I've read that some need a flash of light for them to activate if kept in the dark- like a solar powered light, so to speak.


----------



## Rangertrek (Dec 2, 2013)

Nice designs on that pistol.  I just bought my wife a Ruger LCR in  357 for her to carry.  I have a S&W Bodyguard.


----------



## butchf18a (Dec 3, 2013)

...and this relates to turning pens how? Before you bash me as some sort of anti-gun fanatic, I own 10 firearms. Still I don't post pens on weapons sites and guns have no place on pen site.


----------



## Smitty37 (Dec 3, 2013)

butchf18a said:


> ...and this relates to turning pens how? Before you bash me as some sort of anti-gun fanatic, I own 10 firearms.
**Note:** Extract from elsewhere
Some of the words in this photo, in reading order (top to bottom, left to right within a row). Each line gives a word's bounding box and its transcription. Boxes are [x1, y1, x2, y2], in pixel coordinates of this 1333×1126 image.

Still I don't post pens on weapons sites and guns have no place on pen site.


No one is going to bash you --- it is as related to pen turning as people posting things about their car, or having a new baby, or a grandchild graduating from high school, or any of a hundred other things we chat about from time to time here in the Casual Conversat Forum.


----------



## glenspens (Dec 3, 2013)

This is one of the things i like on this forum you can talk ,post and get answers to all most anything ,but in the end it just  guys and gals doing what they love..... pens


----------



## edstreet (Dec 3, 2013)

glenspens said:


> This is one of the things i like on this forum you can talk ,post and get answers to all most anything ,but in the end it just  guys and gals doing what they love..... pens



Really now.  If you really look there are many parallels in working on firearms and making pens.  Also making knives and various other things as well.   To say the blanket statement that you just did is grossly wrong and shows very little consideration or understanding of the broader scope of things.

Just look at the recent finish post for things like peppermills where overwhelmingly people posted oil finishes and GASP gunstocks came into the picture of how to best finish them.
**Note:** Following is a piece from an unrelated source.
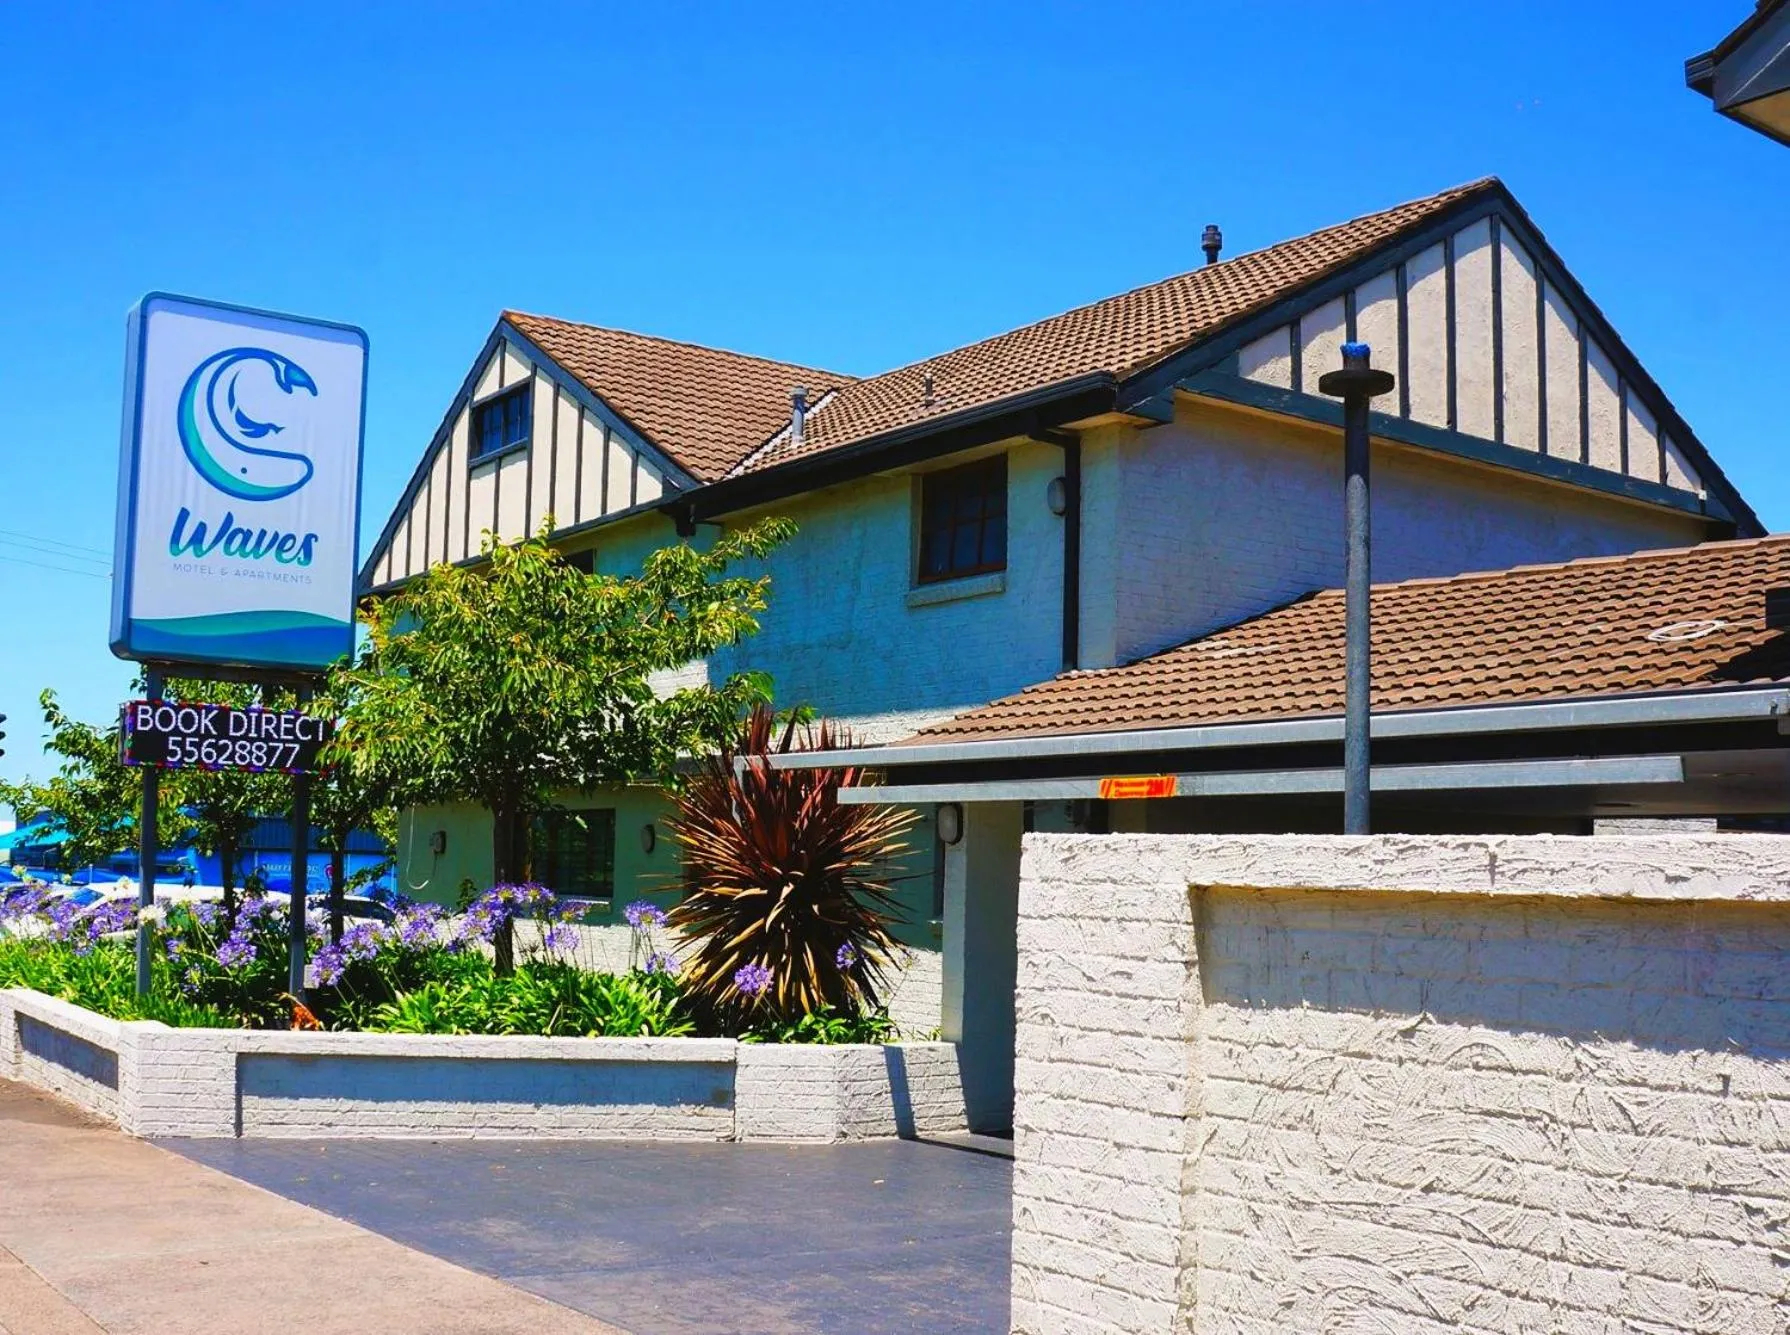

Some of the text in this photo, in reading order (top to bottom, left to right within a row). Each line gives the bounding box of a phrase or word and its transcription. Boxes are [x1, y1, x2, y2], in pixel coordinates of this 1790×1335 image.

Each arena can teach the other arena a vast amount of information, you just need to look, listen and keep your eyes open to the facts.


----------



## WriteON (Dec 3, 2013)

That should be framed and hung on the wall. Nice looking Sig.


----------



## wolftat (Dec 4, 2013)

edstreet said:


> target control?  handling control? some other area?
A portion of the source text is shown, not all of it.